Book Review: The Professor by Robert Bailey

The cover of this book features a set of American football posts and a silhouette of legendary University of Alabama coach, Paul ‘Bear’ Bryant. Therefore anyone picking up this book may be inclined to believe that The Professor is a novel centred very much on the sport of American Football. However, this isn’t the case and author, Robert Bailey, explains in notes at the end of the book what the football connection relates to:

“In drawing the character of Tom McMurtrie, my aim was to create a legendary figure. A man of exceptional integrity, strength and class. One of the ways I sought to achieve this purpose was to include Tom on Alabama’s famed 1961 football team…this team formed the bedrock of Coach Paul ‘Bear, Bryant’s Alabama football dynasty”.

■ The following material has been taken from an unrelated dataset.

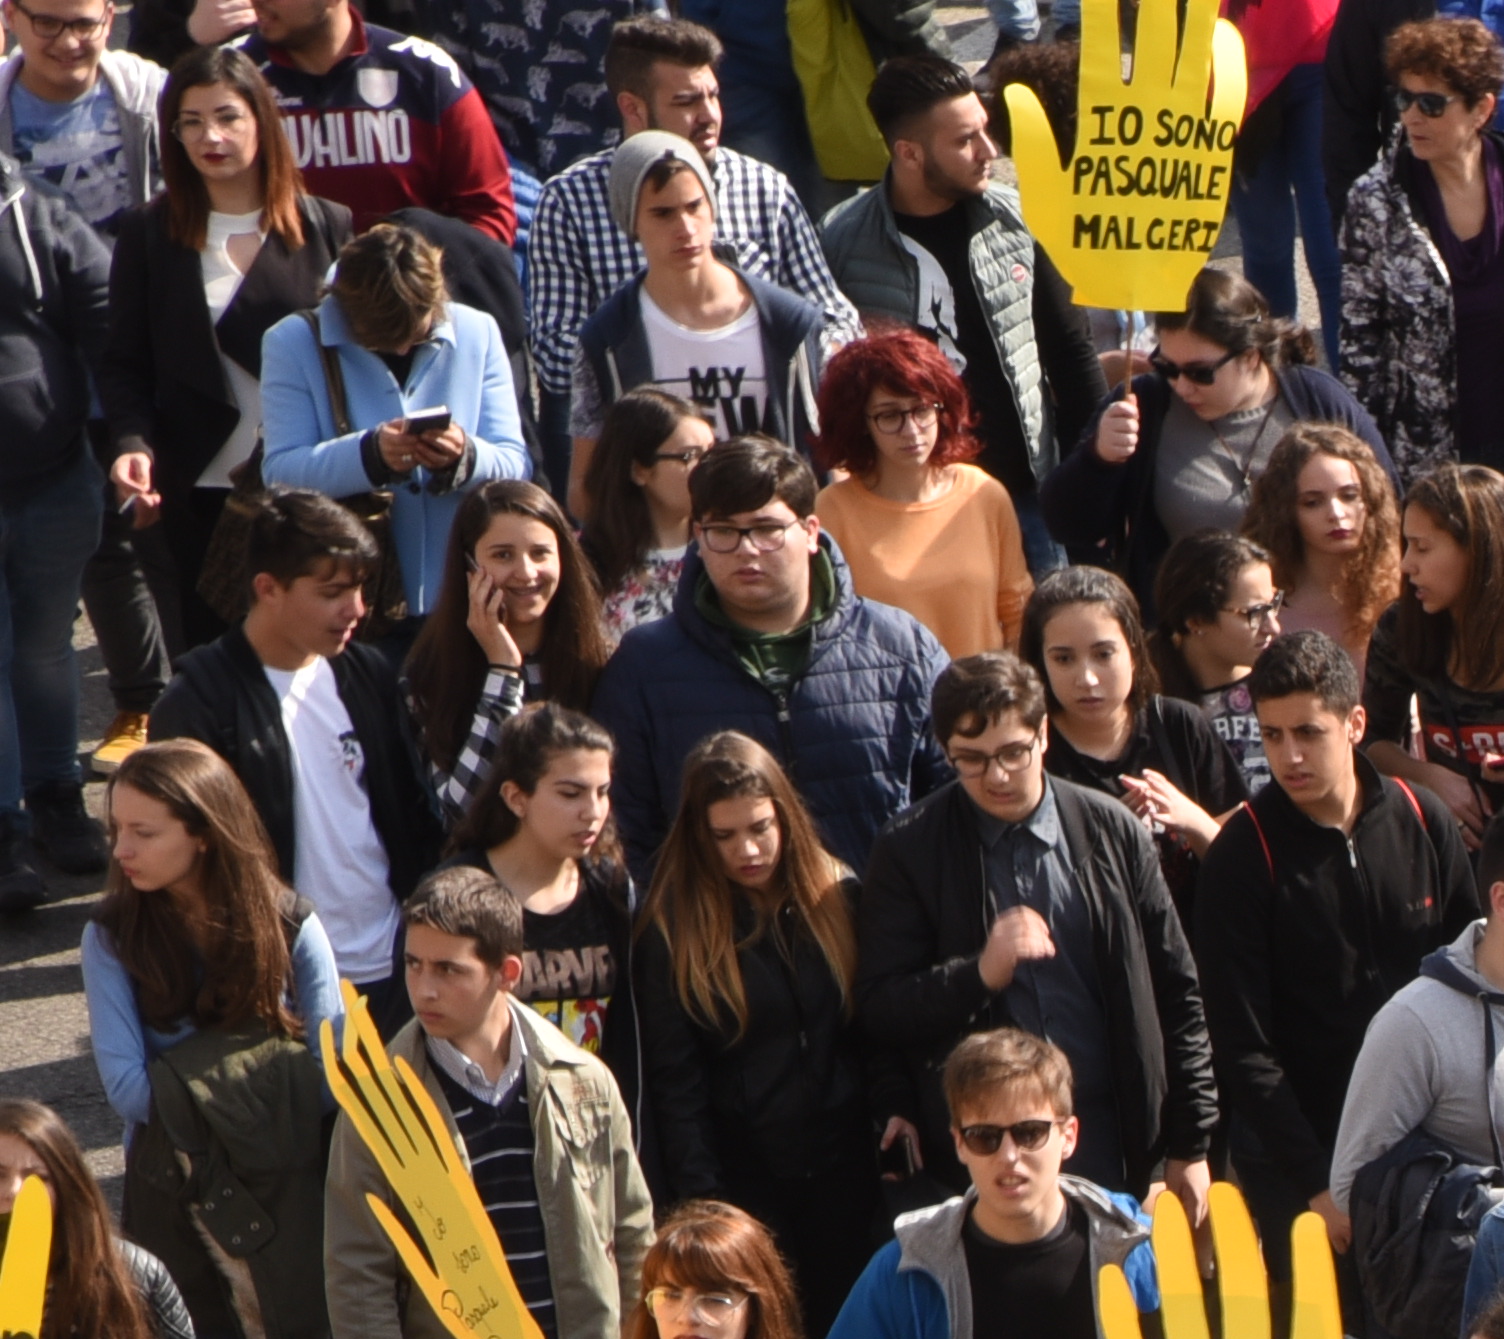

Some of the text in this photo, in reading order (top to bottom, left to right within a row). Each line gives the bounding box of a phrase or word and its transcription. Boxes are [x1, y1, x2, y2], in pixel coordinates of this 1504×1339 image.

So in essence the spirit of that famous 61’ side pervades the book through the central character Tom McMurtrie, rather than being a plotline.

Whilst The Professor might not be a sports themed novel, what the reader is treated to is a great legal/crime thriller. Bailey varies his chapter sizes as the action shifts between the characters and various locations, to slow down and speed up the pace of the book. It certainly grabs the attention and like all the best books, keeps you hooked into reading page after page.

Without giving too much away, the plot centres on Tom McMurtrie a law professor at the University of Alabama who is forced into retirement. Tom is then asked to take on a case of an old friend, whose family was killed in a road accident. McMurtrie though refers the case to a former student Rick Drake. The dramatic conclusion focus on the trial and the twists and turns as a verdict is finally reached.

Overall The Professor has a dramatic style and storyline that would lend itself very well to a film or television adaptation. This book is well worth a read and many will be looking forward to the next novel featuring Tom McMurtrie and Rick Drake already.

 

Book Review: A Fan’s Folklore – Six Seasons of Triumph, Tragedy and Tough Luck by Dean T. Hartwell

Sport is often held up as a metaphor for life; no matter what the sport, the country that it is played in or whether you experience it as a participant or spectator. Dean T. Hartwell takes his early years watching his beloved Oakland Raiders in the National Football League (NFL) and Los Angeles Dodgers of the Major League Baseball (MLB) to illustrate how they taught him lessons in ways he “…could not have otherwise understood…”

Hartwell focuses on a six year period, from 1972 to 1978 and in particular nine games, as the basis of this book. These include NFL games between the Raiders and their great rivals the Pittsburgh Steelers, Cincinnati Bengals, San Diego Chargers and Denver Broncos and MLB fixtures featuring the Dodgers against Chicago Cubs and New York Yankees. They are then grouped into three categories, Triumph, Tragedy and Tough Luck, to illustrate the points the author wishes to imparts to the reader about the lessons he has learned from those games, in relation to ‘the good, the bad and the ugly’ aspects of life.

Some of the games are infamous such as that remembered for the ‘Holy Rollers’ play involving Oakland Raiders and San Diego Chargers (1978) and another that is known for the ‘Immaculate Reception’ between Oakland Raiders and Pittsburgh Steelers (1972). Hartwell looks at these incidents (and others in the nine games in the book) in detail to ascertain or offer a hypothesis as to what took place. For the most part this provides interesting reading, although I was not convinced as to the real benefit of the authors re-run of the 1975 AFC Championship game between Oakland and Pittsburgh based on Raiders home advantage and therefore less inclement weather.

This book is obviously a cathartic work for the author and Hartwell should be praised for his bravery in expressing such personal and sometimes painful episodes from his life. It is part sport, part self-help and a book that will spark debate.